Hoofdstuk 1261 In elkaar geslagen
Er stonden al bewakers buiten de poorten op wacht. Toen Nicholas verscheen, zeiden ze: "Gegroet, meneer."
Nicholas negeerde hen en liep door de poorten, maar hij stapte op een gammel houten knuppel. Het deed hem stoppen, en toen pakte hij het op. Hij woog het in zijn hand, woede in zijn ogen, en hij liep naar het pakhuis.
Edward had het nieuws van Nicholas' aankomst ontvangen en wachtte hem in stilte op. Toen Nicholas binnenkwam, benaderde hij hem. “Meneer Sawyer-”
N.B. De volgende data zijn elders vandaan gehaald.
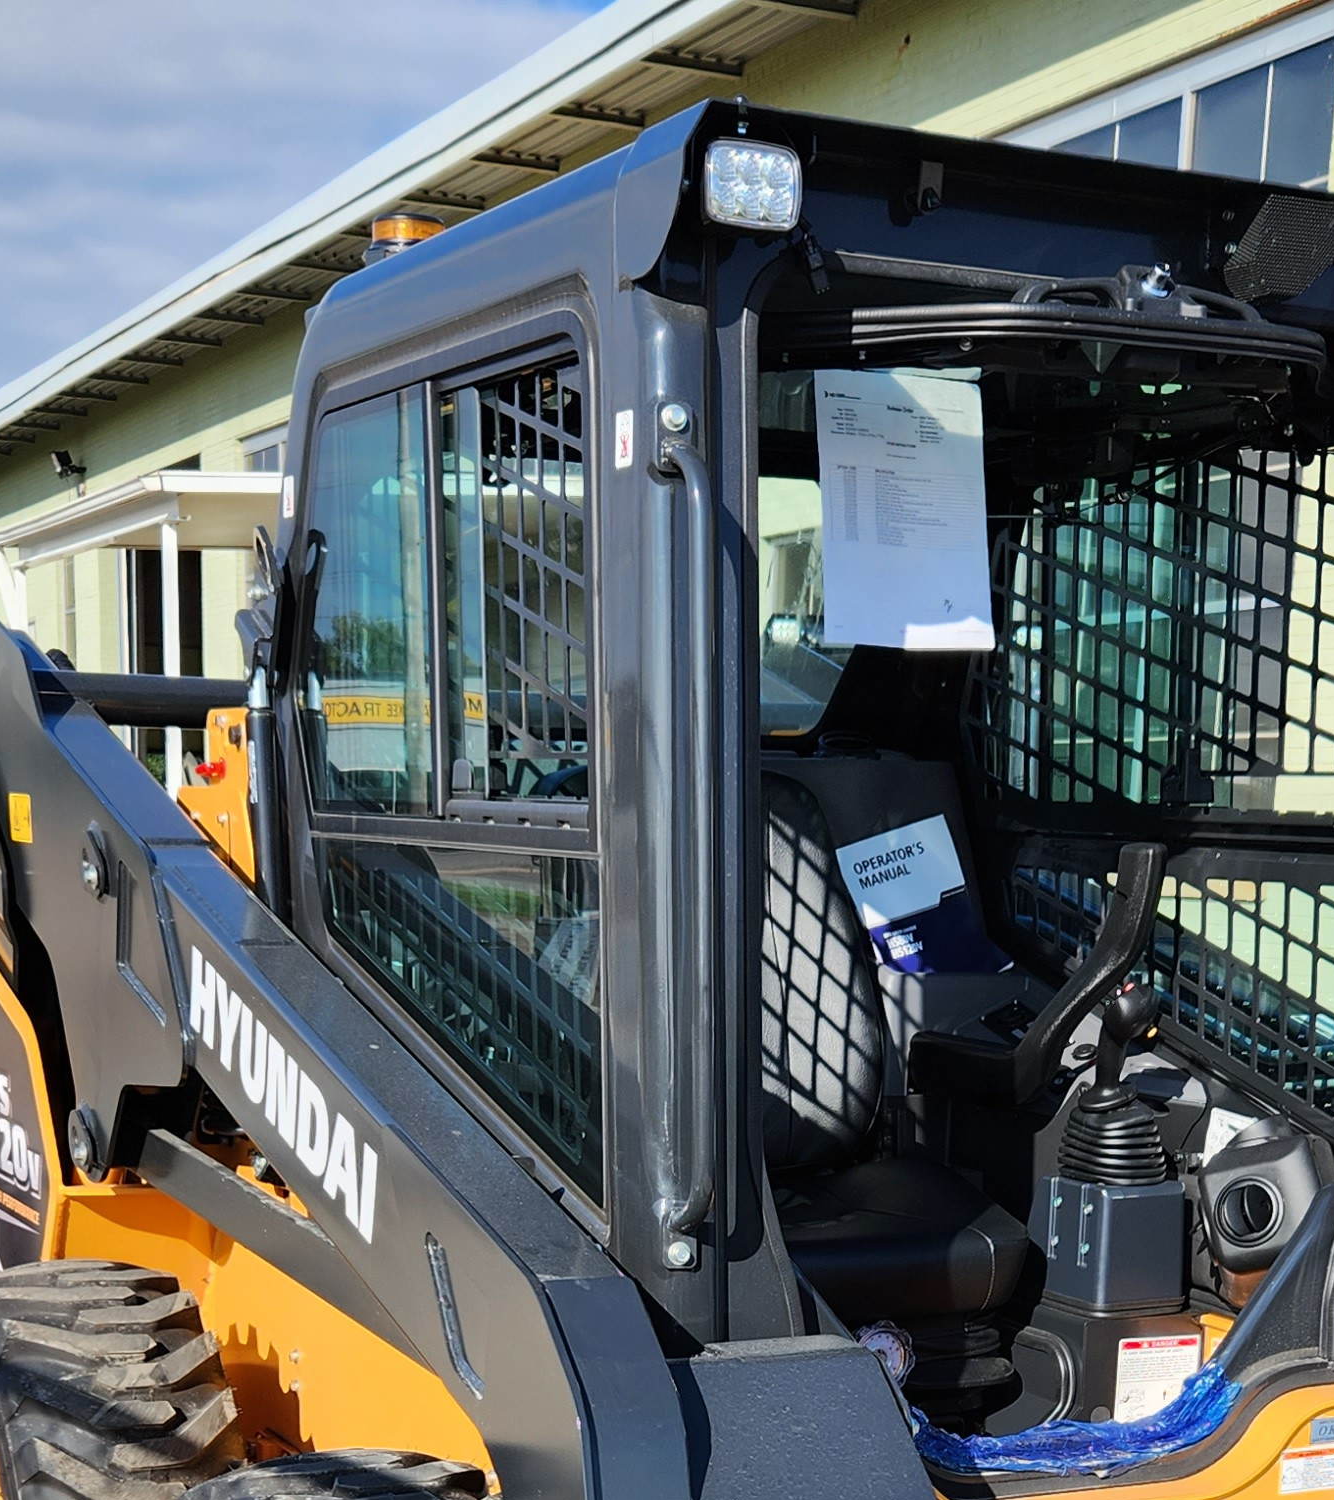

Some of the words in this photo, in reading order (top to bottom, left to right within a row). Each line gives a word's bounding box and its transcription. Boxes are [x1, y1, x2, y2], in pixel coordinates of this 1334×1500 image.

[853, 842, 925, 875] OPERATOR'S
[858, 863, 911, 890] MANUAL
[189, 945, 378, 1244] HYUNDAI
Maar het was alsof Nicholas hem niet kon zien. Zijn blik van haat was gericht op de persoon die Tessa bijna had vermoord. Nicholas, als een demon uit de hel, naderde langzaam de man die vastgebonden op de grond lag, niets anders willend dan zijn leven.
Edward was zo verbijsterd dat hij zelfs was vergeten wat hij wilde zeggen. De chauffeur was doodsbang. Elke stap die Nicholas zette, deed zijn angst toenemen en zijn hart trilde. Hij wist wat er ging gebeuren toen hij de vleermuis zag die Nicholas vasthield. " Kom niet in mijn buurt!"